One of the benefits of using AI is that these processes, which I personally never followed in the pre-AI era, are now easy and frictionless to implement.

tmvphil · 4 days ago
I think for me personally, such a linear breakdown of the design process doesn't work. I might write down "I want to do X, which I think can be accomplished with design Y, which can be broken down into tasks A, B, and C" but after implementing A I realize I actually want X' or need to evolve the design to Y' or that a better next task is actually D which I didn't think of before.
tmvphil commented on Show HN: Project management system for Claude Code   github.com/automazeio/ccp... · Posted by u/aroussi
jcmontx · 4 days ago
Waterfall is what works for most consulting businesses.

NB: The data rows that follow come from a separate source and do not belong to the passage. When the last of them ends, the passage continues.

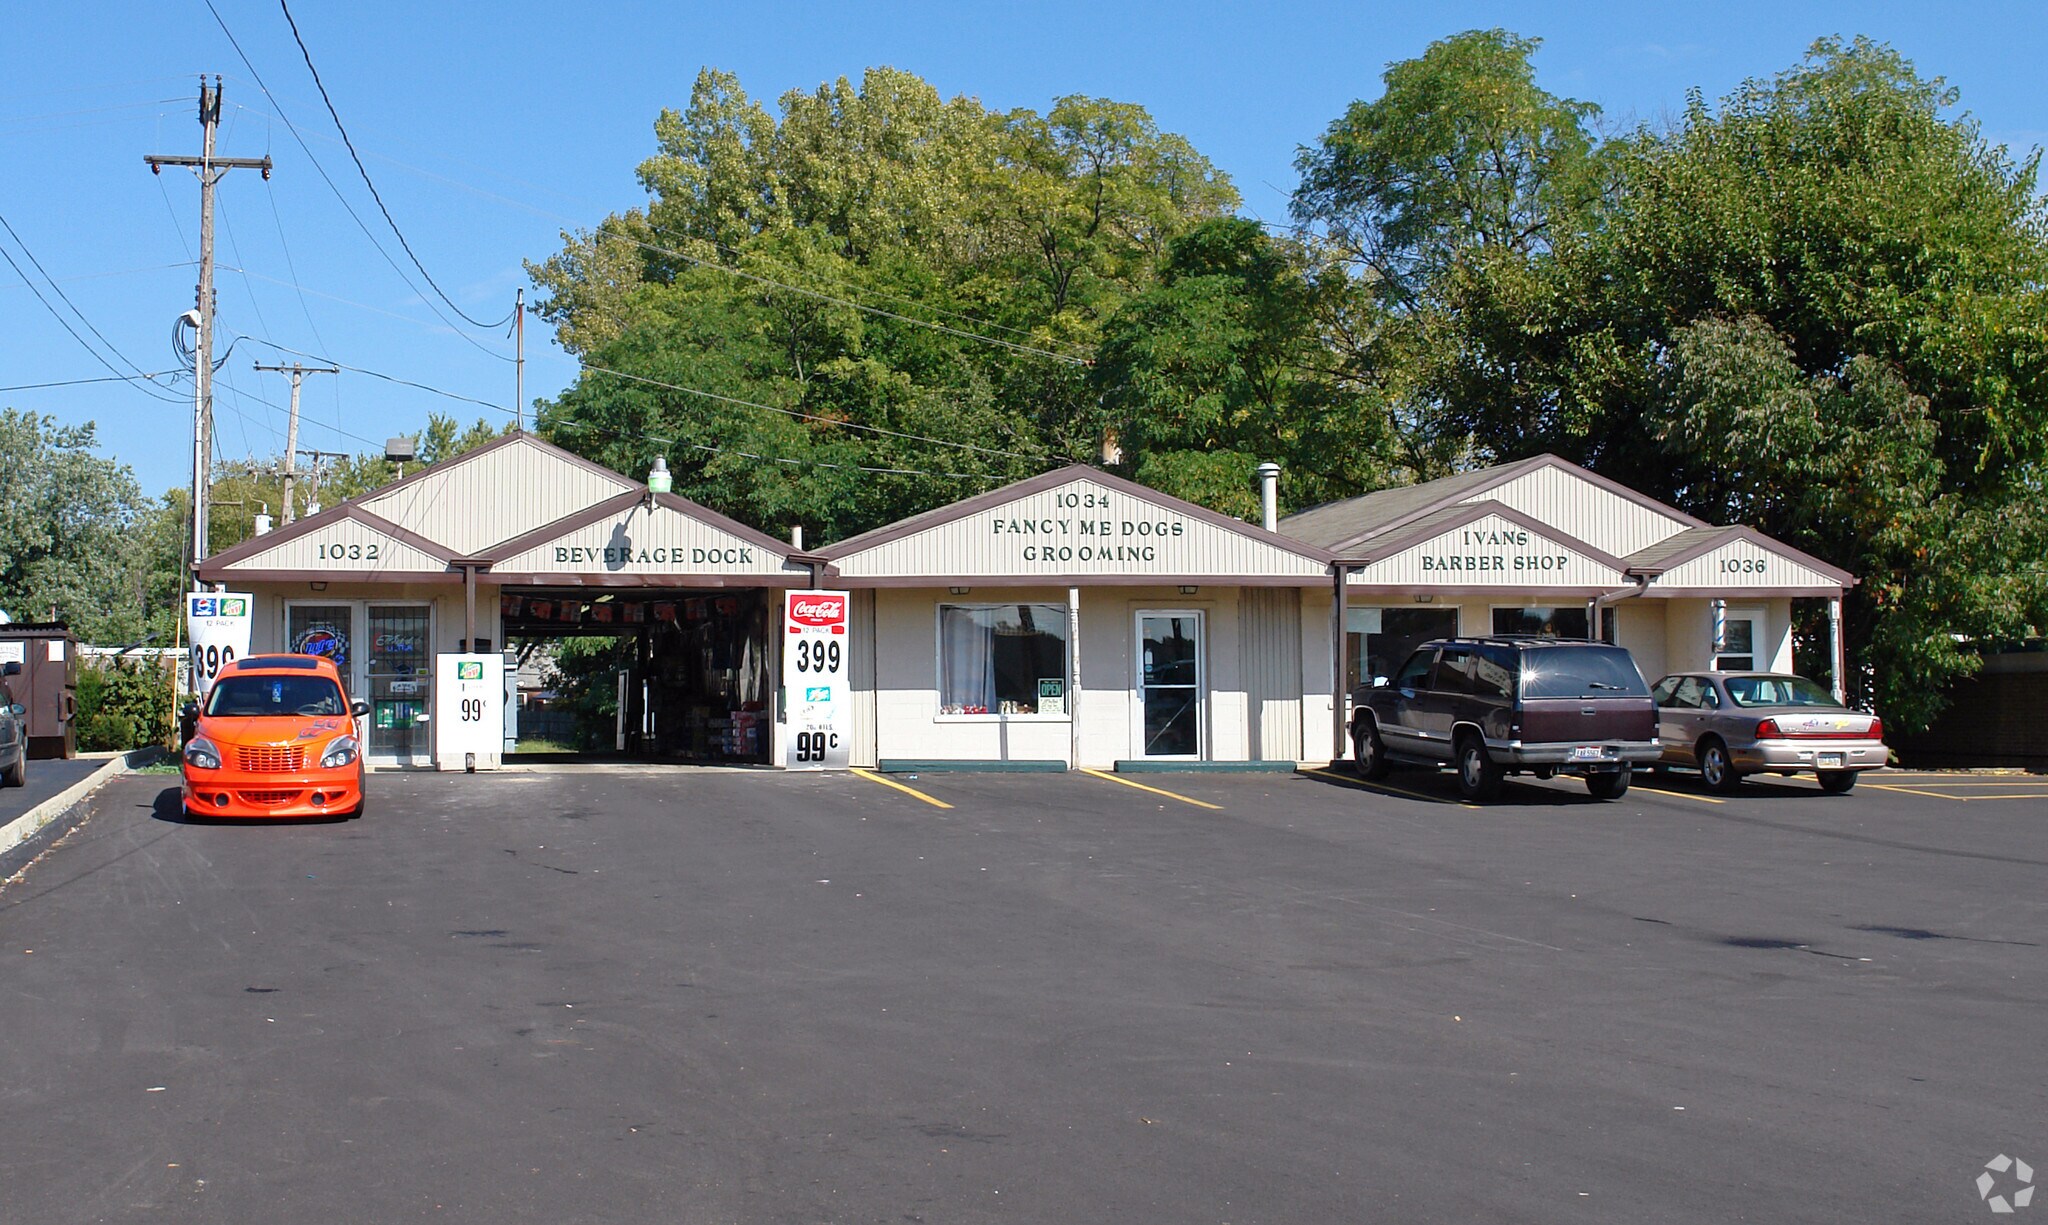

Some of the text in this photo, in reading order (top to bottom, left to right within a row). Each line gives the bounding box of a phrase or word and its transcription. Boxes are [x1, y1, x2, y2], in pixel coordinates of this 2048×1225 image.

[1057, 493, 1109, 509] 1034
[993, 519, 1184, 537] FANCY ME DOGS
[1463, 531, 1527, 547] IVANS
[319, 543, 379, 560] 1032
[555, 547, 753, 564] BEVERAGE DOCK
[1023, 546, 1156, 562] GROOMING
[1422, 555, 1568, 571] BARBER SHOP
[1720, 558, 1766, 574] 1036
[797, 639, 841, 674] 399
[1041, 683, 1062, 696] OPEN
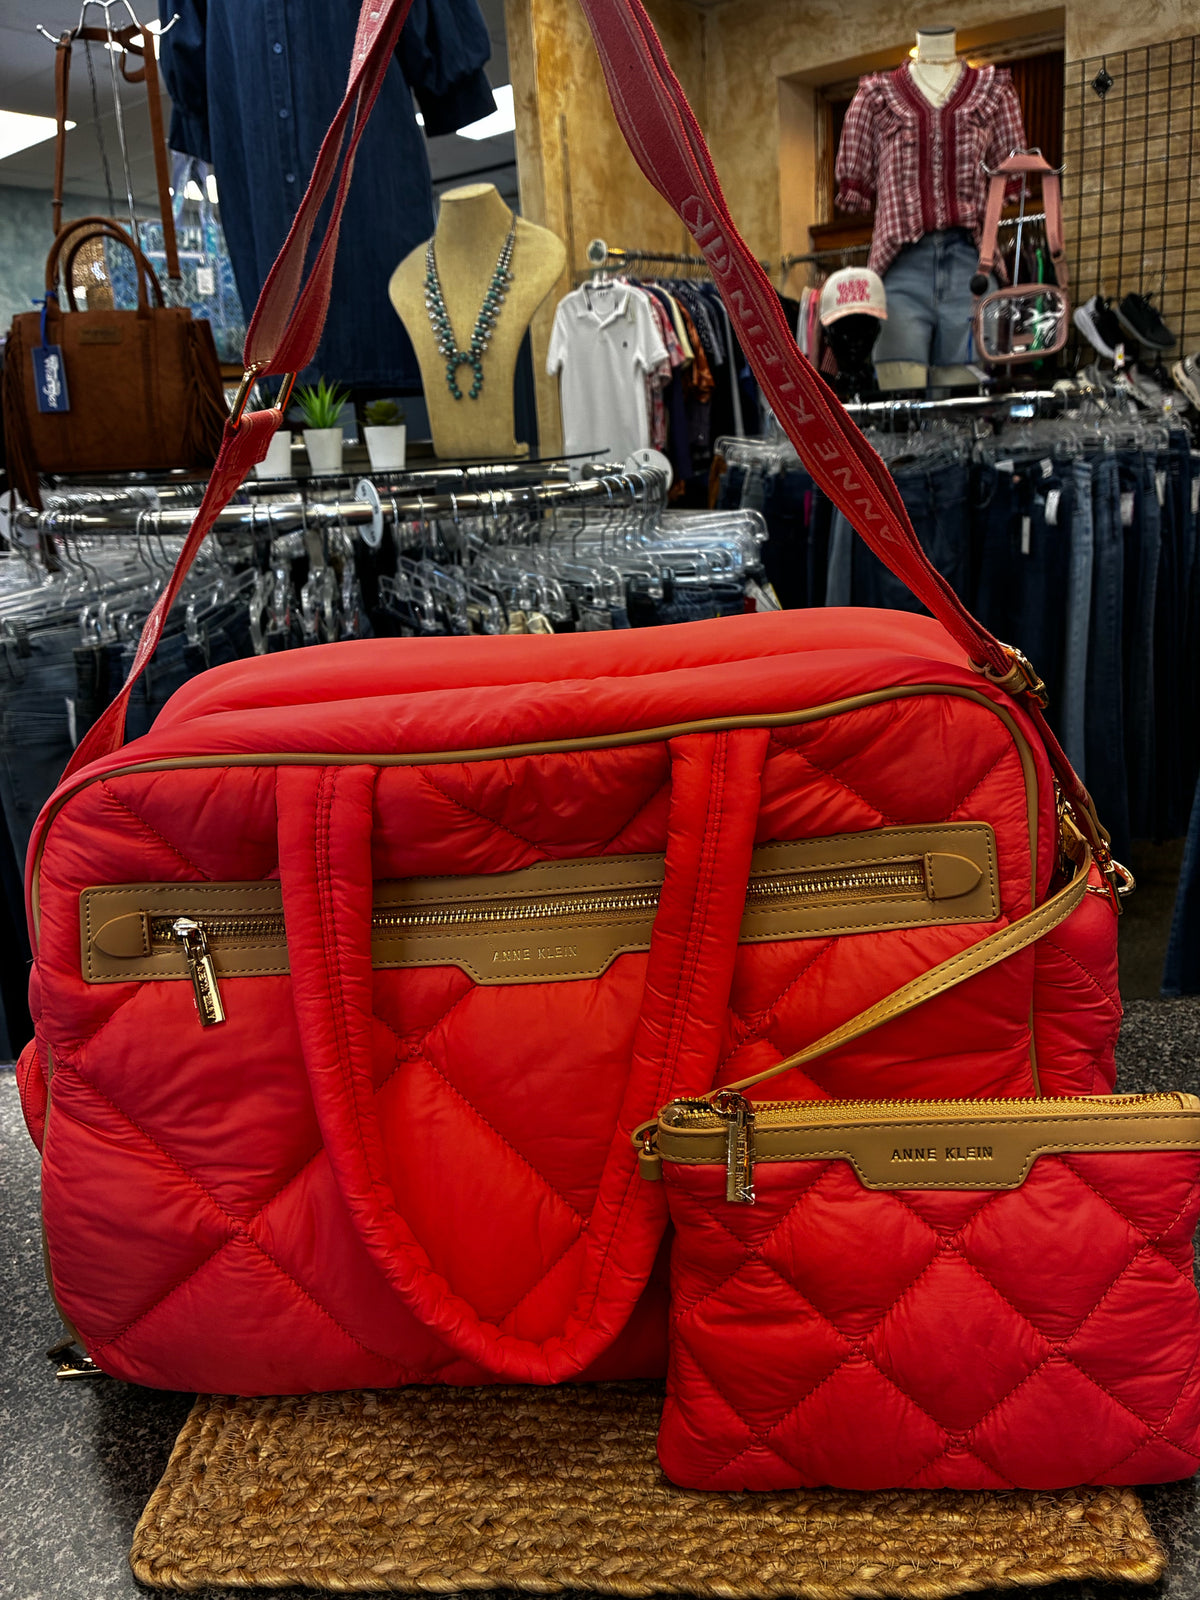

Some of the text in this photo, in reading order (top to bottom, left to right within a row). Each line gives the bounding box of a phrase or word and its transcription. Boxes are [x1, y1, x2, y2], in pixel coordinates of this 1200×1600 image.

[731, 290, 815, 424] KLEIN
[813, 438, 904, 547] ANNE
[493, 945, 577, 963] ANNE KLEIN
[891, 1146, 993, 1162] ANNE KLEIN

Clients like the buzz of agile but they won't budge on scope, budget or timeframe. You end up being forced to do waterfall.
tmvphil · 4 days ago
Waterfall might be what you need when dealing with external human clients, but why would you voluntarily impose it on yourself in miniature?
tmvphil commented on Show HN: Project management system for Claude Code   github.com/automazeio/ccp... · Posted by u/aroussi
tmvphil · 4 days ago
Sorry, I'm going to be critical:

"We follow a strict 5-phase discipline" - So we're doing waterfall again? Does this seem appealing to anyone? The problem is you always get the requirements and spec wrong, and then AI slavishly delivers something that meets spec but doesn't meet the need.

What happens when you get to the end of your process and you are unhappy with the result? Do you throw it out and rewrite the requirements and start from scratch? Do you try to edit the requirements spec and implementation in a coordinated way? Do you throw out the spec and just vibe code? Do you just accept the bad output and try to build a new fix with a new set of requirements on top of it?

(Also the llm authored readme is hard to read for me. Everything is a bullet point or emoji and it is not structured in a way that makes it clear what it is. I didn't even know what a PRD meant until halfway through)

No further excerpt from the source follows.